NICHOLAS D. SATAN: „DAS TAGEBUCH DES TEUFELS"

Was waren schon Salman Rushdies „Satanische Verse" - reine Erfindung. Ungleich Wertvolleres liegt nun vor mit ganz und gar autentischen Beiträgen des echten Satans zur Weltgeschichte, vom Fürsten der Finsternis persönlich niedergeschrieben und von dem zur Veröffentlichung auserwählten Professor M.J. Weeks für die Erdenbürger transkribiert. „Das Tagebuch des Teufels" heißt das von Nicholas D. Satan verfasste Traktat.

Da fällt nicht nur die edle rote Schriftprägung auf dem schwarzen Einband auf, es ist auch ganz dem echten abgegriffenen Diarium nachempfunden. Gewissermaßen als Echtheitszertifikat ist vorn ein Faksimile des seinerzeitigen Teufelspaktes eingeheftet und natürlich beginnt das Büchlein mit den einführenden „Persönlichen Daten", die als Privatadresse das Haus Drudenfuß in der Straße der Verdammnis in Port-au-Prince, Haiti, aufführen. Selbstredend hat der Gentleman auch eine Webseite und unter den im Notfall zu kontaktierenden Stellen zählt er auch das Pentagon auf.

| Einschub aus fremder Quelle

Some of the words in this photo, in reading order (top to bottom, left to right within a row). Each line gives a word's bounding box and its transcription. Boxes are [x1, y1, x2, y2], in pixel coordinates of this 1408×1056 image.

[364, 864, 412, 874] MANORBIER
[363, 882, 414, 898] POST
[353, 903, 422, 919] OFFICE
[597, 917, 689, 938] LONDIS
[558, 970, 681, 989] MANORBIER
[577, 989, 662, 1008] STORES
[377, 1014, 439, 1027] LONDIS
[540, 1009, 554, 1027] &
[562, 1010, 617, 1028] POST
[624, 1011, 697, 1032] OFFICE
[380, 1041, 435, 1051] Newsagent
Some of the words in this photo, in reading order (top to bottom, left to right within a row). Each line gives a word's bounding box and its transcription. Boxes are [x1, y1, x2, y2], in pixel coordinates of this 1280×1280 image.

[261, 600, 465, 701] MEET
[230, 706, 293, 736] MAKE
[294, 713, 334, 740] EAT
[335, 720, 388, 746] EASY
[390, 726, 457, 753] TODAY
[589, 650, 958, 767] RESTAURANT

Transkribent Weeks lässt keinen Zweifel an der Echtheit des Tagebuchs und ist selbst erstaunt und begeistert über so manche Klarstellung geschichtlicher Vorgänge, die wir bisher eigentlich ganz anders in Erinnerung hatten. Das ist Geschichtsschreibung von unten, von ganz weit unten, und sie stellt manches klar, was die Entstehung der Welt angeht aber ebenso den Lauf der Menschheitsgeschichte bis in die Gegenwart. Schon die Schöpfung erscheint hier in etwas anderem Licht, wenngleich Satan damals nur mit einzelnen Spitzen in die Genesis zu funken vermochte.

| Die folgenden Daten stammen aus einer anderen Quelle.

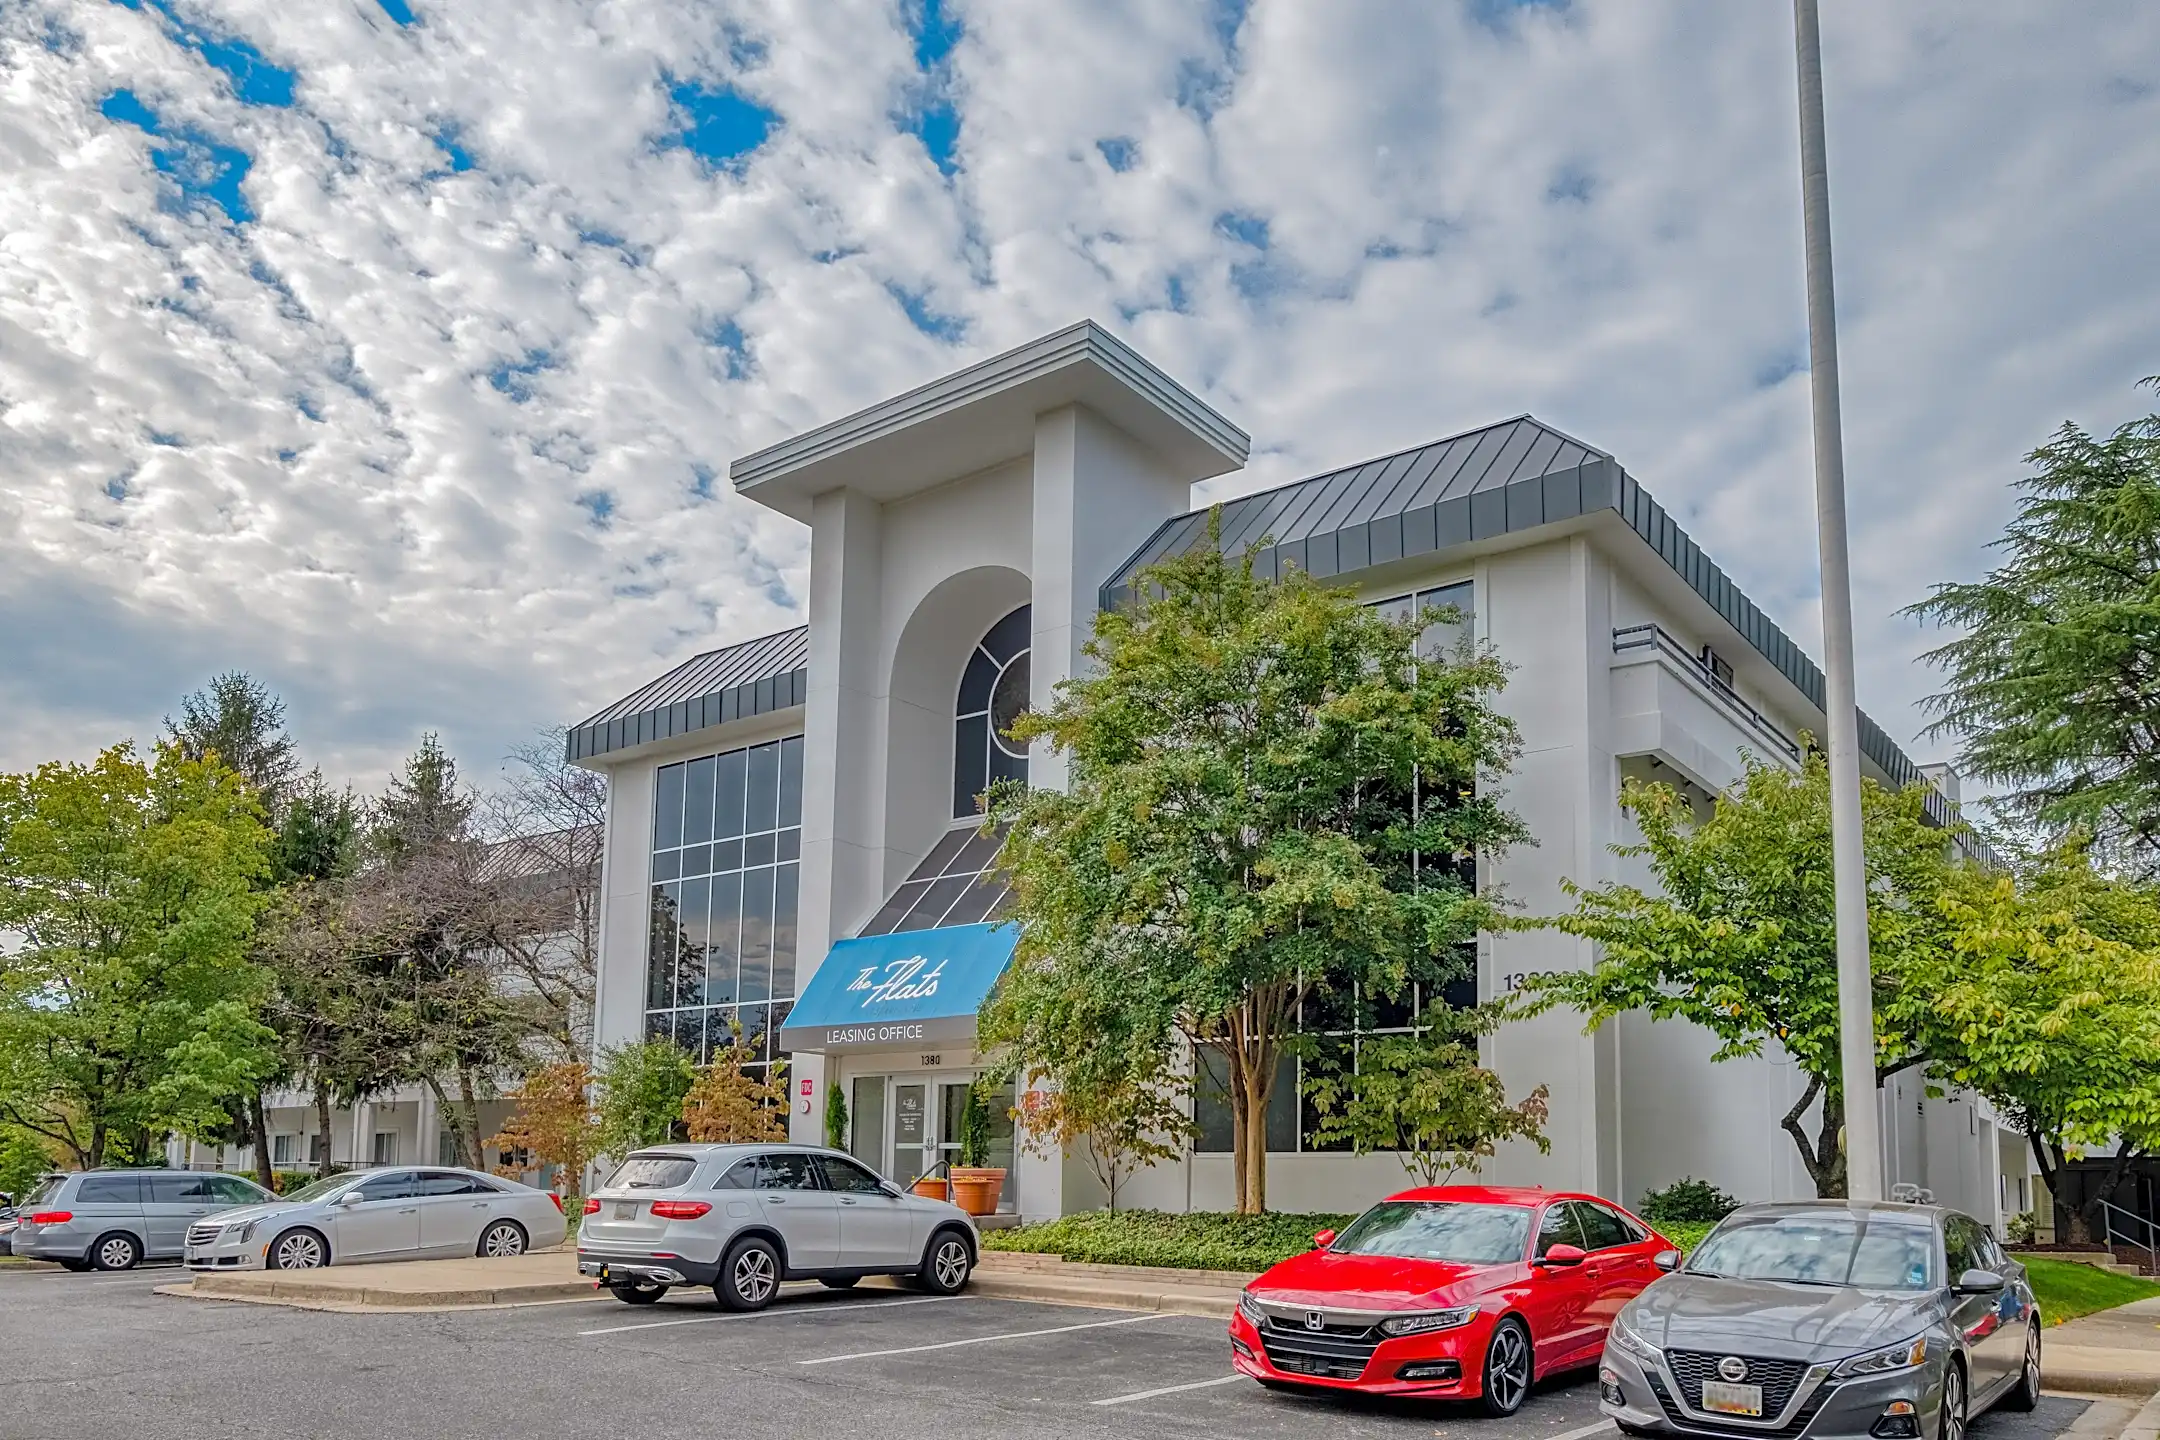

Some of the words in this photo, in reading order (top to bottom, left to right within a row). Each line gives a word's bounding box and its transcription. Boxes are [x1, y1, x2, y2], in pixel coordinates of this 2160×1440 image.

[846, 966, 878, 991] The
[862, 954, 948, 1007] Flats
[827, 1027, 875, 1043] LEASING
[879, 1025, 923, 1040] OFFICE
[921, 1055, 940, 1065] 1380

Zugleich erfährt man, warum er den Ausstieg aus dem Himmel suchte: beim CEO (Commandant Exclusiver Omnipotenz = Gott) herrschte schreiende Langeweile! Unten angekommen gründete Satan sein „Unternehmen Unterwelt", für das er anfangs eine Menge gefallener Engel um sich scharte, später kamen namhafte Irdische hinzu wie Inquisitionserfinder Torquemada oder Dick Cheney. Und nicht zu vergessen die beliebten freien Mitarbeiter wie Dschingis Khan. Zunächst aber nervt Gottes Kampagne gegen die Todsünden und dessen Ex-Untergebener fragt sich, „wie sein Pärchen (Adam und Eva) sich vermehren soll, wenn Er alles verbietet, was Spaß macht."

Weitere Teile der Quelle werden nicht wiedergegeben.